TASK DIRECTIONS: Could you retype every line below exactly, omitting the images?

EXERCISE MATERIALS:
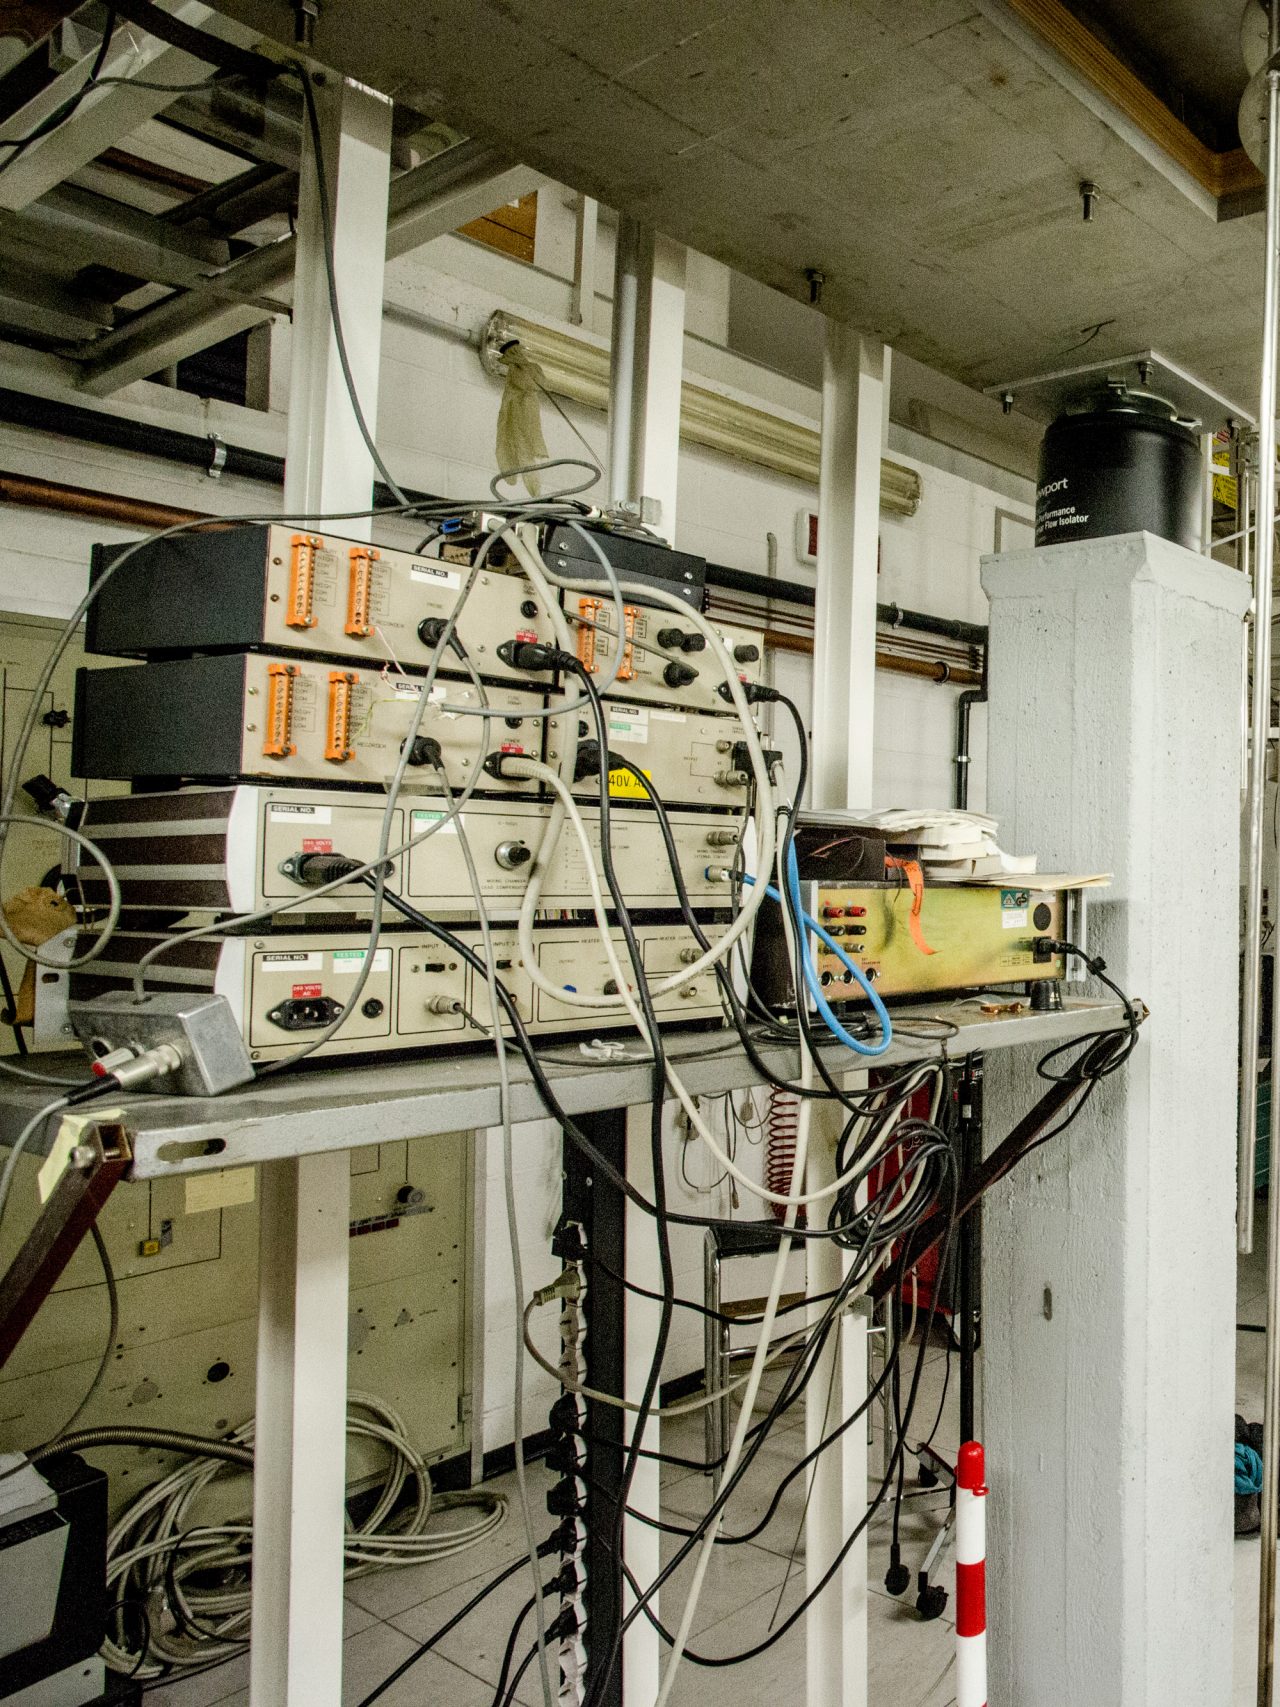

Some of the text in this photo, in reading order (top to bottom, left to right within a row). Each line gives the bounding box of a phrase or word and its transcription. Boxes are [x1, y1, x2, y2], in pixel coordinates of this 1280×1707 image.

[1059, 515, 1089, 526] Isolator
[413, 564, 435, 575] SERIAL
[608, 774, 632, 787] 40V.
[273, 804, 299, 812] SERIAL
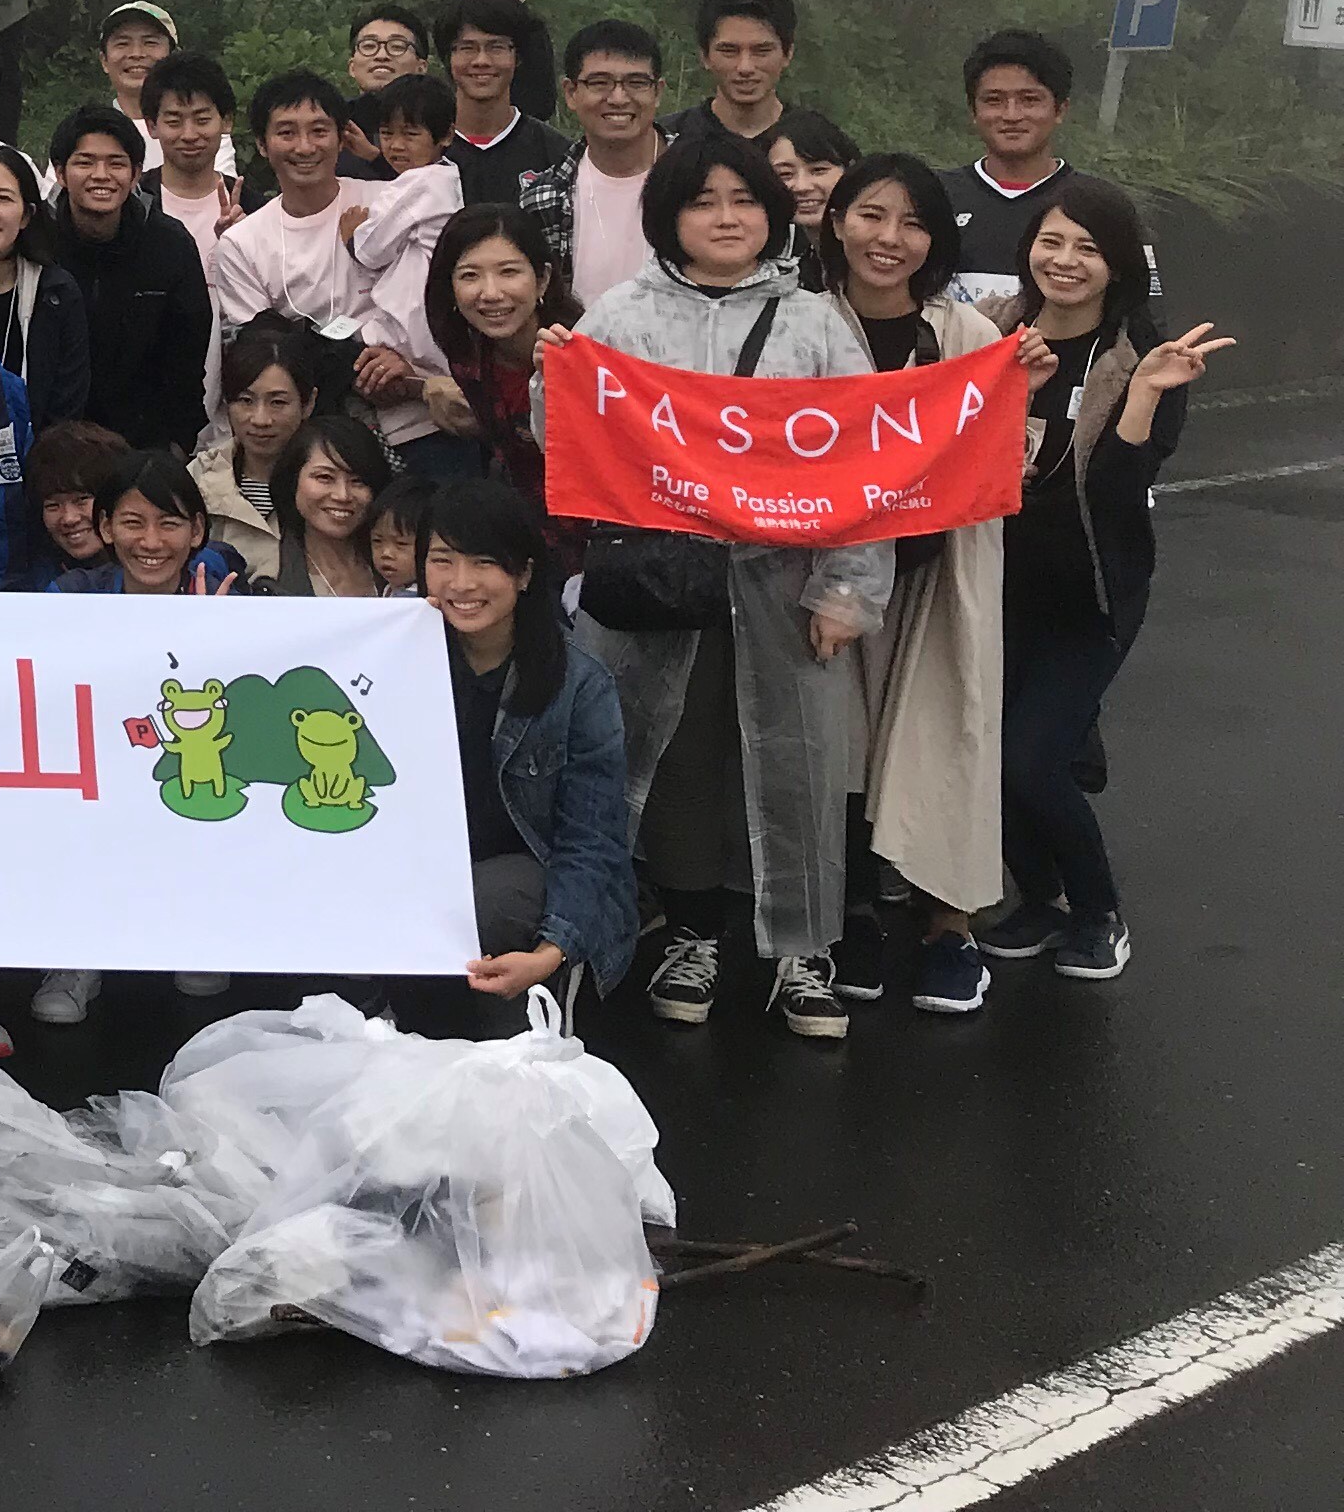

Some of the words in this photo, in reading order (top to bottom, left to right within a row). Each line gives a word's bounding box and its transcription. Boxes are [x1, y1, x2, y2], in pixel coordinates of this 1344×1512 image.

RESPONSE BELOW:
Some of the text in this photo, in reading order (top to bottom, left to right within a row). Each line gives the bounding box of a phrase or word and its transcription. Boxes are [x1, y1, x2, y2], in pixel coordinates of this 1280×1707 image.

[1059, 515, 1089, 526] Isolator
[413, 564, 435, 575] SERIAL
[608, 774, 632, 787] 40V.
[273, 804, 299, 812] SERIAL

Some of the words in this photo, in reading order (top to bottom, left to right within a row). Each line gives a word's bounding box and its transcription. Boxes are [x1, y1, x2, y2], in pixel coordinates of this 1344×1512 image.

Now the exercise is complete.